Maybe a year ago, I investigated the situation in Ontario. The Ontario Securities Commission is a crown corporation charged with regulating capital markets in Ontario. I recall from a phone conversation that an investment account is based upon a contract between investor and investment company which can be terminated by either party.
I think it should also be noted that the canadian population count is 35 million. Of those, 1 million are said to be american “persons”. Thats a pretty large head count when it comes to canadian revenue! Other countries have far less US residents so the financial losses are less. These people are easier to throw under the bus. But how will Canda function when such a large percentage of their general population are considered taxable to America? And that money flows out of the canadian government coffers and into american treasuries?

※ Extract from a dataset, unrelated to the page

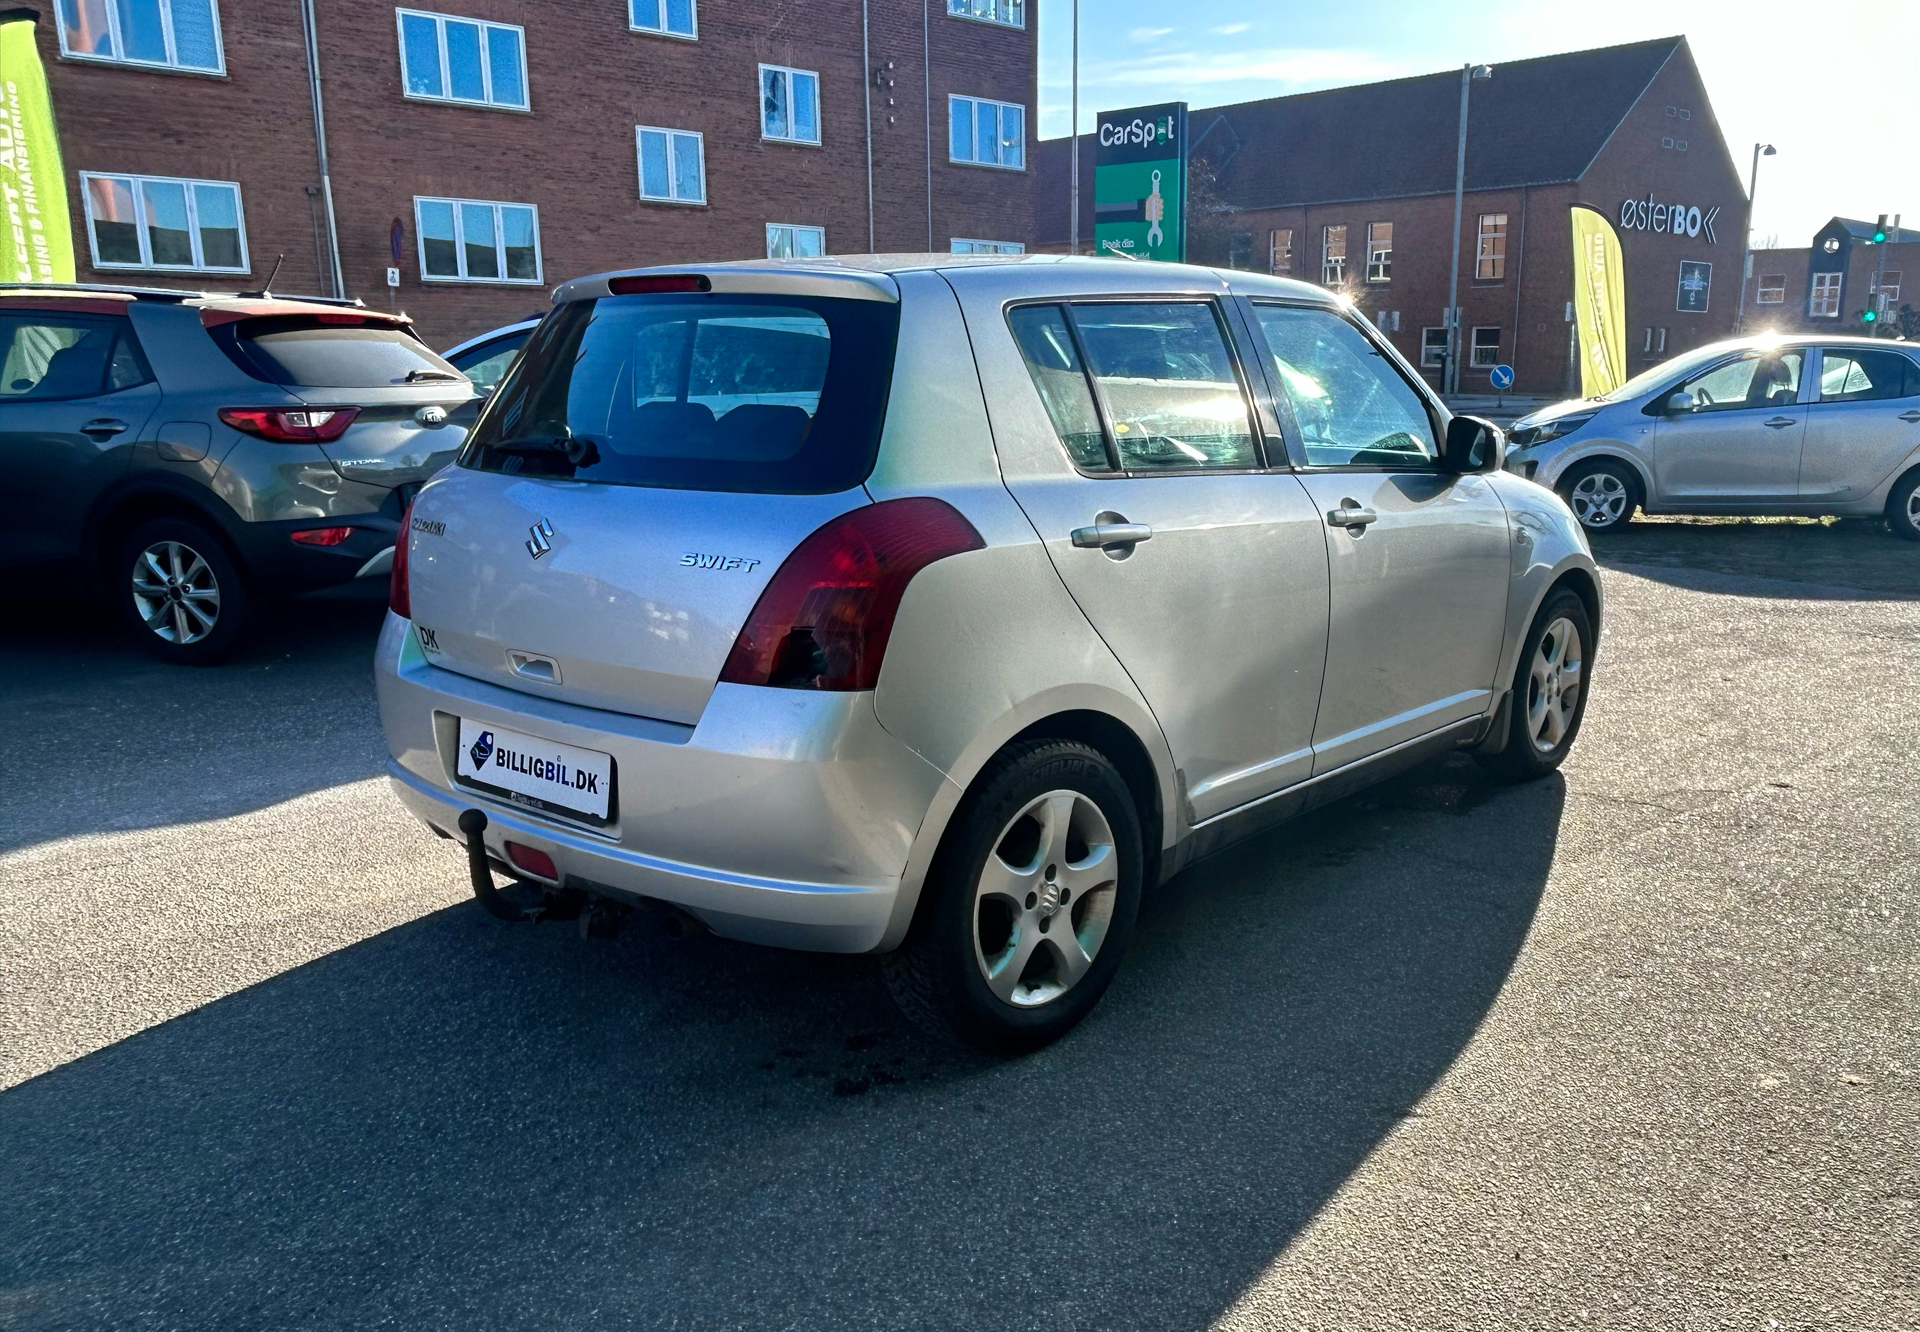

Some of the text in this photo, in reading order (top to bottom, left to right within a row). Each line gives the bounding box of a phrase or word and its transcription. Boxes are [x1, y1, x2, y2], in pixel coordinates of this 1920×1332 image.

Another way to communicate with a Bank is directly to the Board of Directors. For example, this from TD Bank:
“To Communicate with Independent Directors
Shareholders may communicate directly with the independent directors through the Chairman of the Board, by writing to:
Brian M. Levitt
Chairman of the Board
The Toronto-Dominion Bank
P.O. Box 1
Toronto, Ontario M5K 1A2
Or you may send an e-mail c/o TD Shareholder Relations firstname.lastname@example.org. E-mails addressed to Mr. Levitt received from shareholders and expressing an interest to communicate directly with the independent directors via the Chairman will be provided to Mr. Levitt.”
Another possibility is a shareholder resolution on FATCA to be presented at the annual meeting. Most banks have their annual meetings in the Spring. Shareholder resolutions usually have to be sent in months ahead of time. As far as I know, by sending in a resolution, a dialogue with the company will open up. Companies really don’t like shareholder resolutions, but are mandated by law to put them before the shareholders. The company will likely try to persuade the shareholder to withdraw the resolution.
A standard resolution could be presented to each bank for consideration.
Scotiabank is on line to implement FATCA through the FATCA Trac system, and who they hired to do it:
Business System Analyst
Public Company; 10,001+ employees; BNS; Banking industry
October 2012 – April 2013 (7 months) Toronto, Canada Area
– Implementing FATCA Compliance initiative at Scotia Bank’s Canadian Retail banking system
– Analyzing and interpreting the FATCA regulatory requirements, interacting with various business groups within BFSI, understanding the implications of FATCA and performing impact analysis, effort estimation.
– Planning and defining the project scope and create detailed business requirements document (EDD ) for Retail business banking FATCA implementation project. Conducting walk-through sessions with various stakeholders to facilitate sign-off process
– Leveraging existing systems, customer data (MDM) for developing FATCA release implementation road map.
– Developing use cases, defining & documenting user procedures and workflows
– Integrating technical solutions with business environment, recognizing systems design and data inter-dependencies and re-usability.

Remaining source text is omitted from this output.